**ACTIVITY:** Word-for-word reproduction, images excluded: copy every entry below.
[RECORDS]
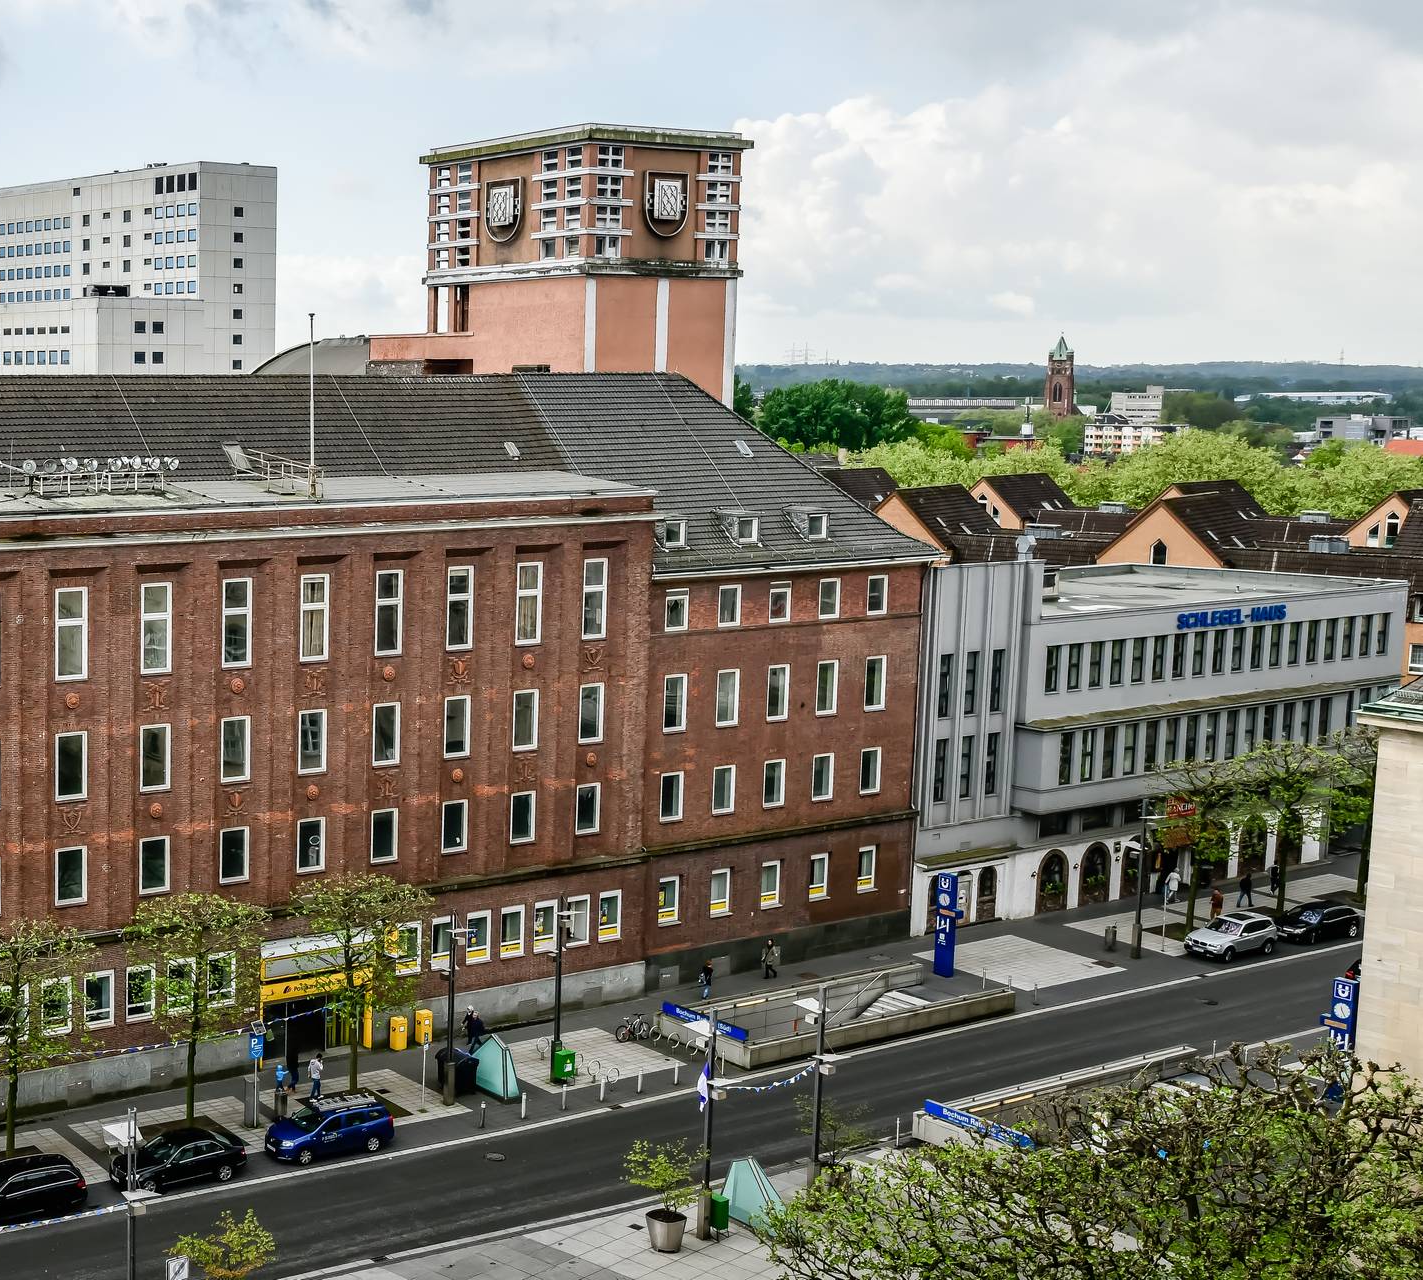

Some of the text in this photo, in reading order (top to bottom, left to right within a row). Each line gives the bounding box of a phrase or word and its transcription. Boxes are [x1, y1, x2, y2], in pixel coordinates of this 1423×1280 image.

[676, 1007, 696, 1020] Bochum
[717, 1022, 732, 1033] (Süd)
[251, 1038, 258, 1048] P
[942, 1107, 969, 1123] Bochum
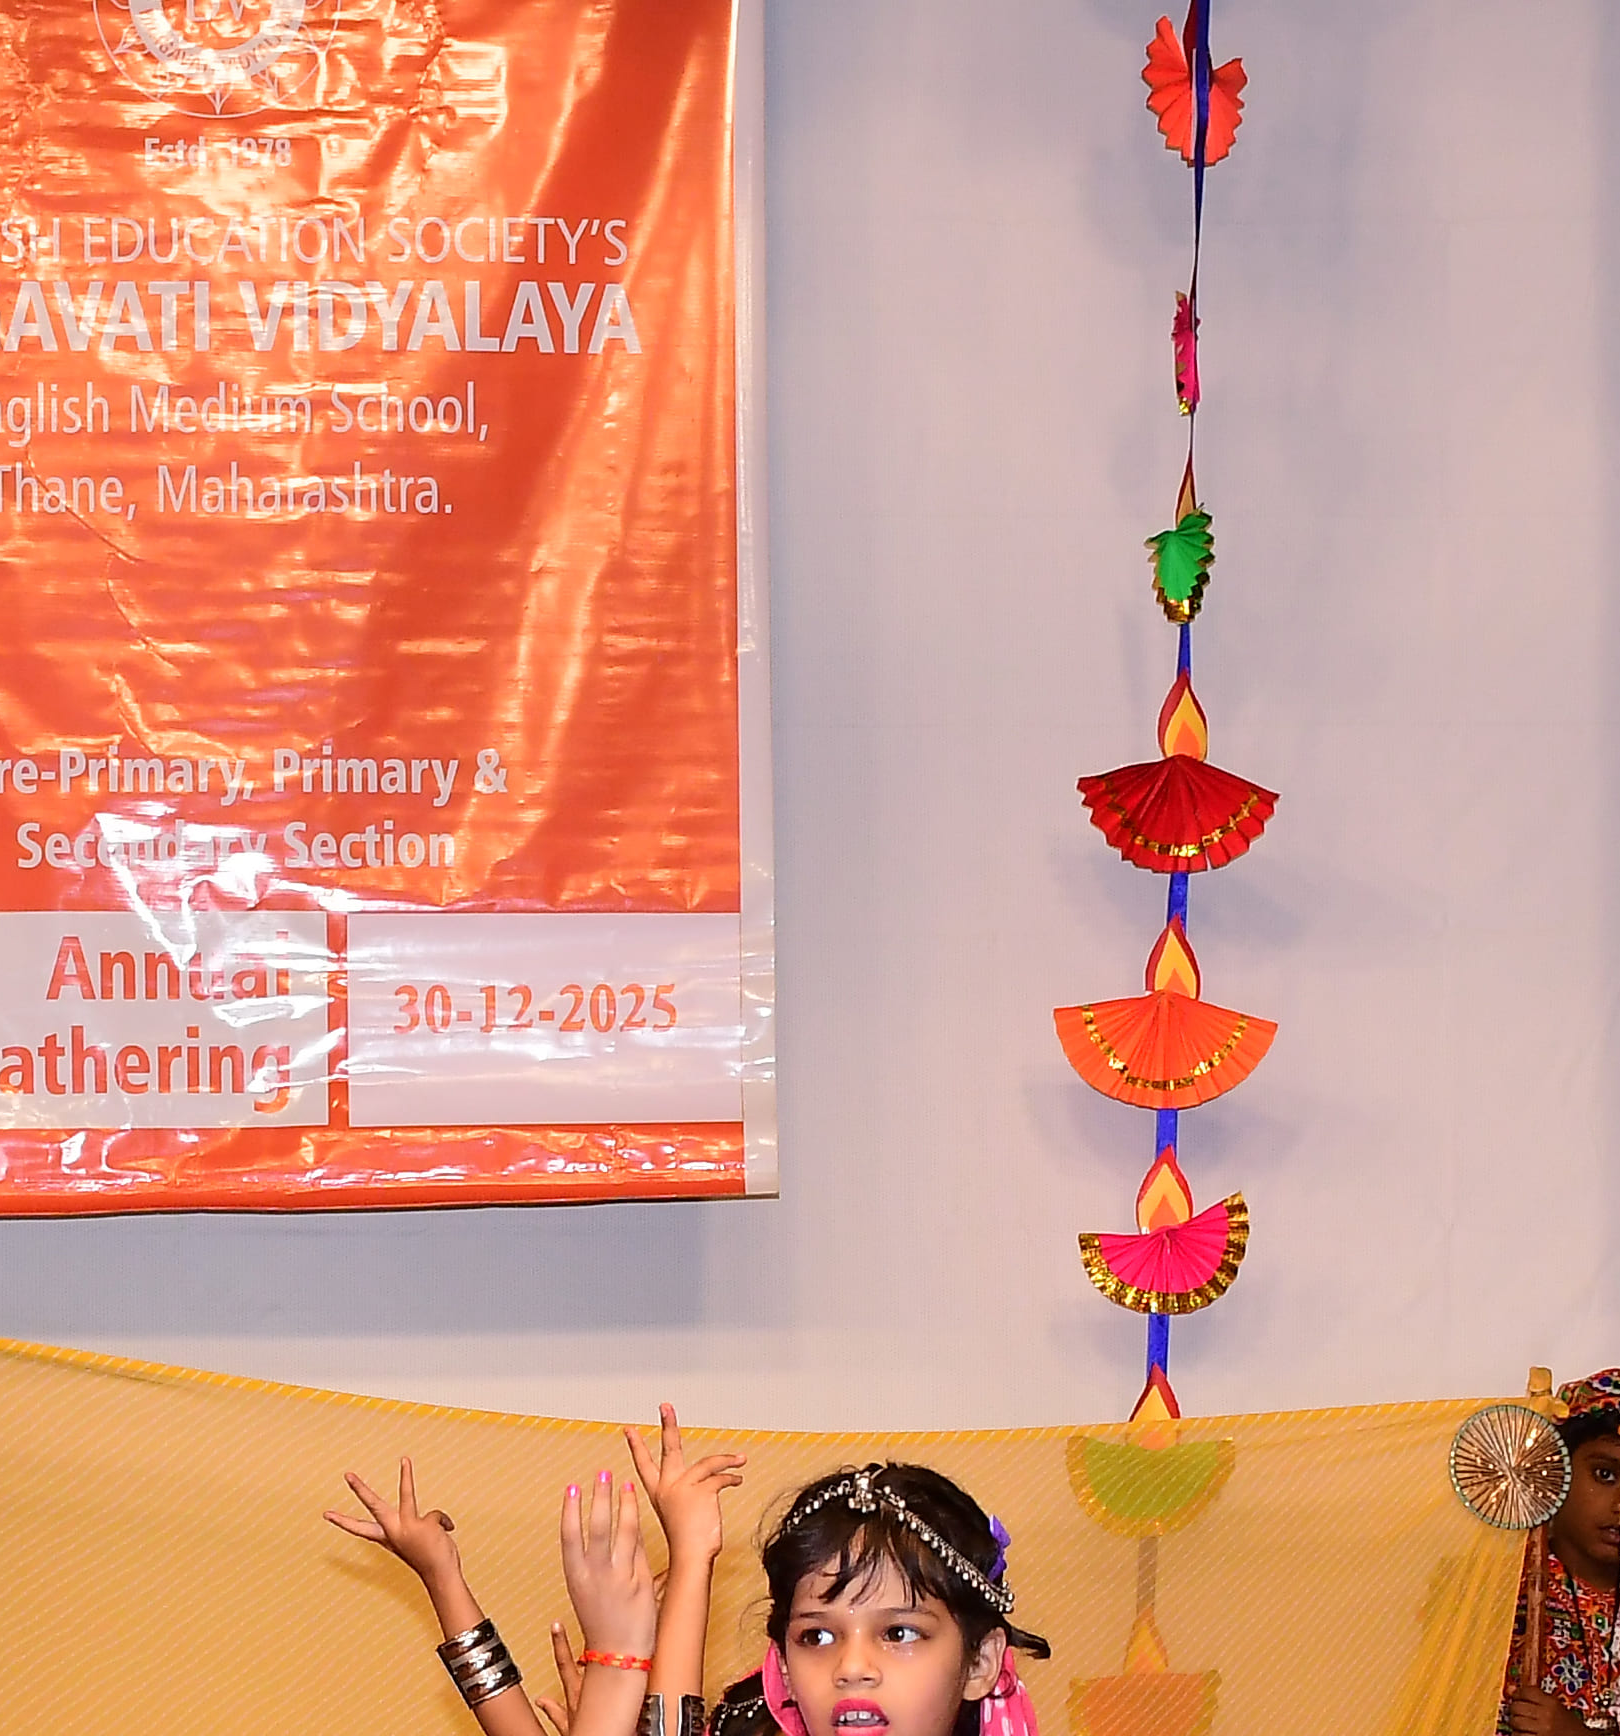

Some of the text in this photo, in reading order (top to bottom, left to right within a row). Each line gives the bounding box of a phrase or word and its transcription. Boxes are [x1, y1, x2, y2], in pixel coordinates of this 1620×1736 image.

[229, 136, 292, 168] 1978
[83, 216, 366, 264] EDUCATION
[387, 216, 629, 266] SOCIETY'S
[238, 280, 643, 354] VIDYALAYA
[129, 382, 313, 434] Medium
[330, 381, 489, 441] School,
[156, 461, 454, 514] Maharashtra.
[272, 745, 459, 807] Primary
[473, 747, 508, 794] &
[283, 819, 456, 868] Section
[46, 931, 291, 1001] Annual
[393, 983, 677, 1034] 30-12-2025
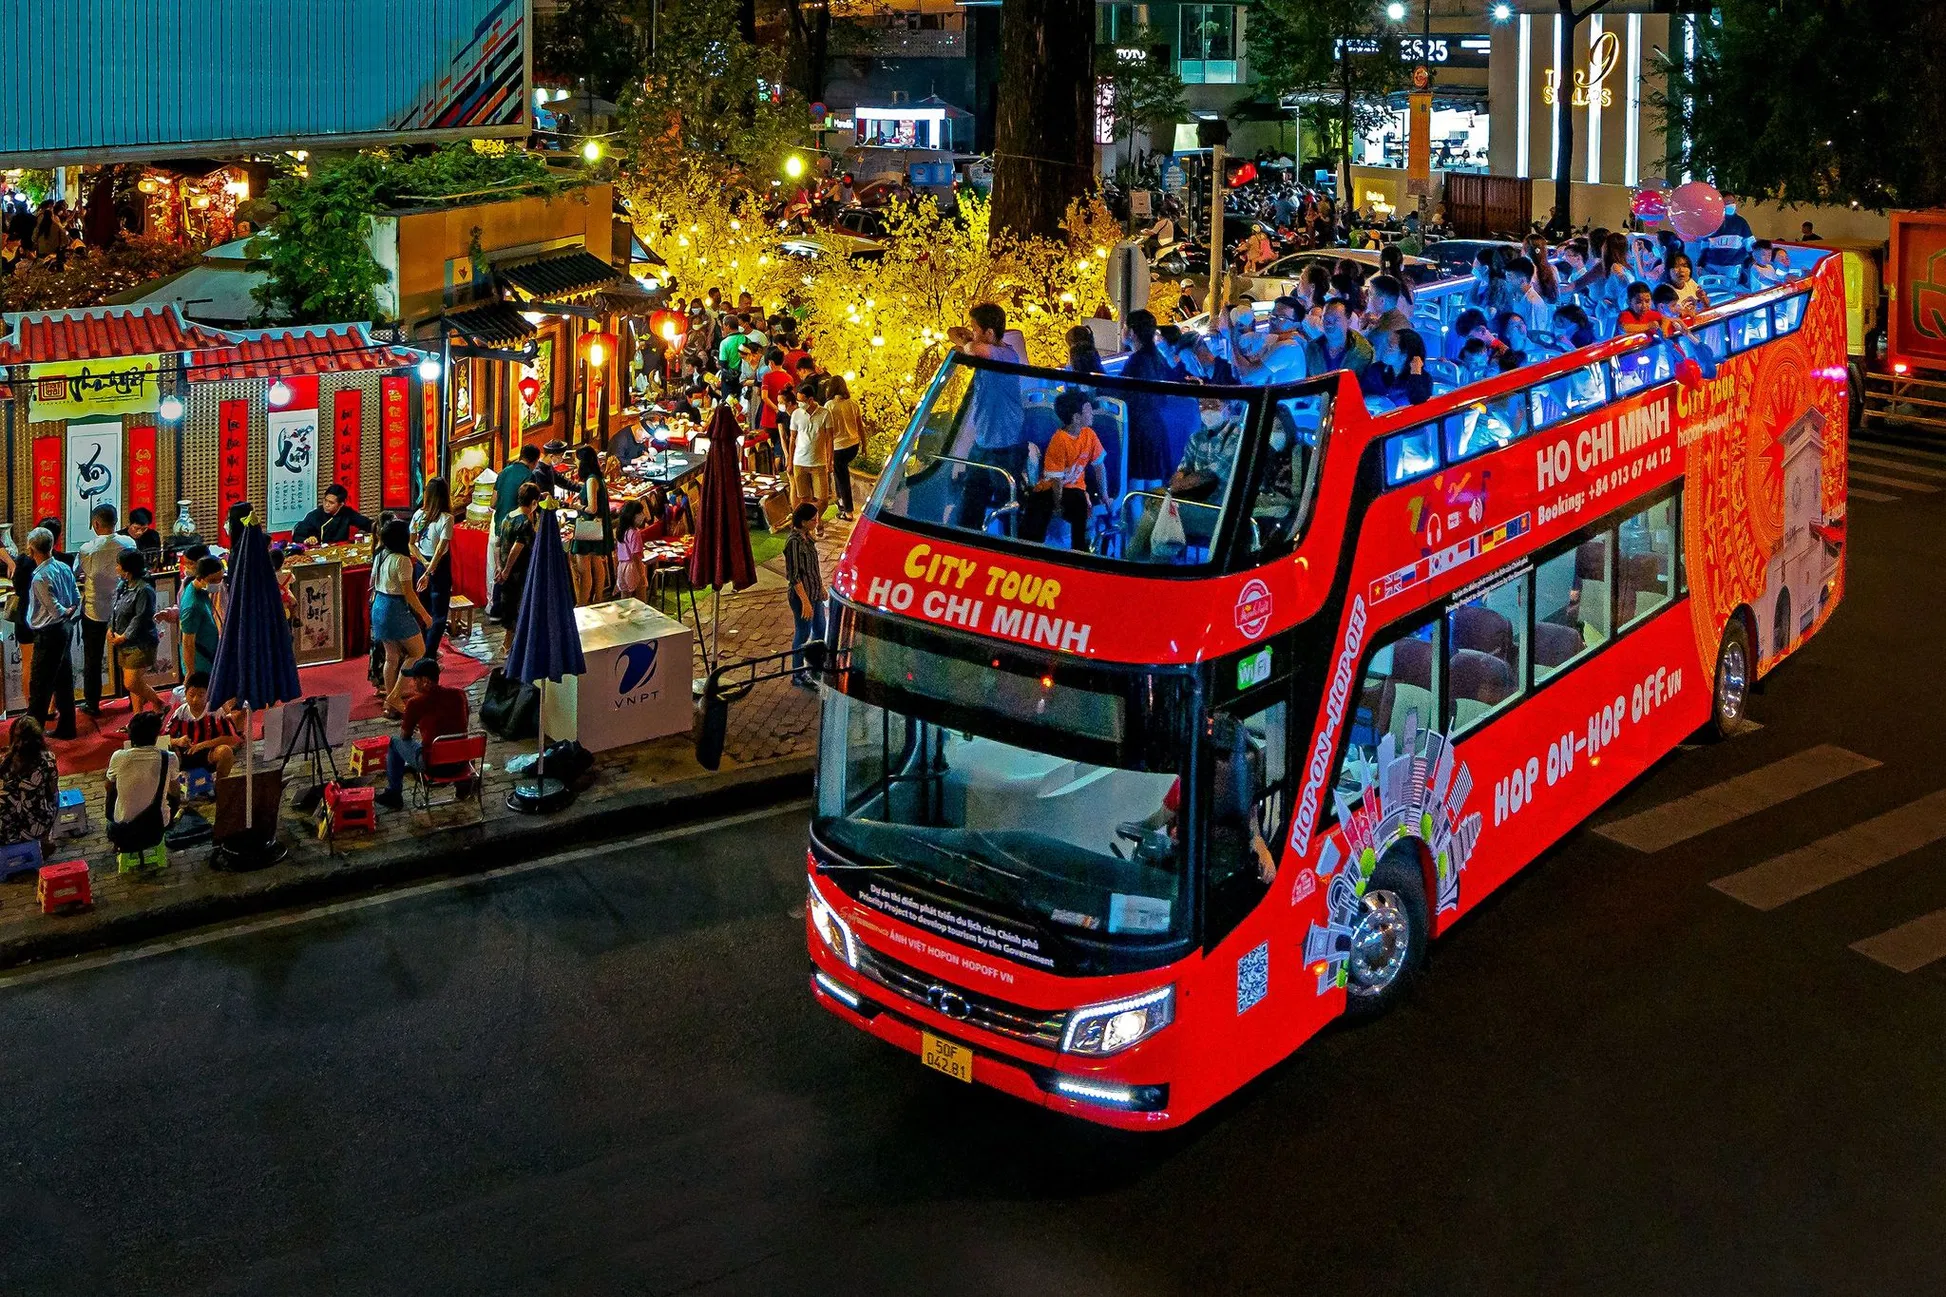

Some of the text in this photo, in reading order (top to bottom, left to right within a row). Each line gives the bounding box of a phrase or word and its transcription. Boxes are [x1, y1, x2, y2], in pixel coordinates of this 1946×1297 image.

[1677, 373, 1735, 419] CITY TOUR
[1536, 396, 1671, 492] HO CHI MINH
[1537, 445, 1671, 526] Booking: +84 913 67 44 12
[903, 543, 1062, 610] CITY TOUR
[867, 576, 1092, 654] HO CHI MINH
[613, 690, 659, 708] VNPT
[1494, 756, 1539, 827] HOP
[1546, 695, 1626, 786] ON-HOP
[859, 890, 1055, 968] Priority Project to develop tourism by the Government
[955, 916, 967, 927] du
[927, 945, 960, 965] HOPON
[961, 958, 999, 979] HOPOFF
[999, 971, 1014, 984] VN
[926, 1051, 965, 1079] 042.81
[935, 1040, 958, 1059] 50F
[/RECORDS]
**YOUR RESPONSE:**
Some of the text in this photo, in reading order (top to bottom, left to right within a row). Each line gives the bounding box of a phrase or word and its transcription. Boxes are [x1, y1, x2, y2], in pixel coordinates of this 1423×1280 image.

[676, 1007, 696, 1020] Bochum
[717, 1022, 732, 1033] (Süd)
[251, 1038, 258, 1048] P
[942, 1107, 969, 1123] Bochum

Some of the text in this photo, in reading order (top to bottom, left to right within a row). Each line gives the bounding box of a phrase or word and its transcription. Boxes are [x1, y1, x2, y2], in pixel coordinates of this 1620×1736 image.

[229, 136, 292, 168] 1978
[83, 216, 366, 264] EDUCATION
[387, 216, 629, 266] SOCIETY'S
[238, 280, 643, 354] VIDYALAYA
[129, 382, 313, 434] Medium
[330, 381, 489, 441] School,
[156, 461, 454, 514] Maharashtra.
[272, 745, 459, 807] Primary
[473, 747, 508, 794] &
[283, 819, 456, 868] Section
[46, 931, 291, 1001] Annual
[393, 983, 677, 1034] 30-12-2025

Some of the text in this photo, in reading order (top to bottom, left to right within a row). Each line gives the bounding box of a phrase or word and its transcription. Boxes are [x1, y1, x2, y2], in pixel coordinates of this 1946×1297 image.

[1677, 373, 1735, 419] CITY TOUR
[1536, 396, 1671, 492] HO CHI MINH
[1537, 445, 1671, 526] Booking: +84 913 67 44 12
[903, 543, 1062, 610] CITY TOUR
[867, 576, 1092, 654] HO CHI MINH
[613, 690, 659, 708] VNPT
[1494, 756, 1539, 827] HOP
[1546, 695, 1626, 786] ON-HOP
[859, 890, 1055, 968] Priority Project to develop tourism by the Government
[955, 916, 967, 927] du
[927, 945, 960, 965] HOPON
[961, 958, 999, 979] HOPOFF
[999, 971, 1014, 984] VN
[926, 1051, 965, 1079] 042.81
[935, 1040, 958, 1059] 50F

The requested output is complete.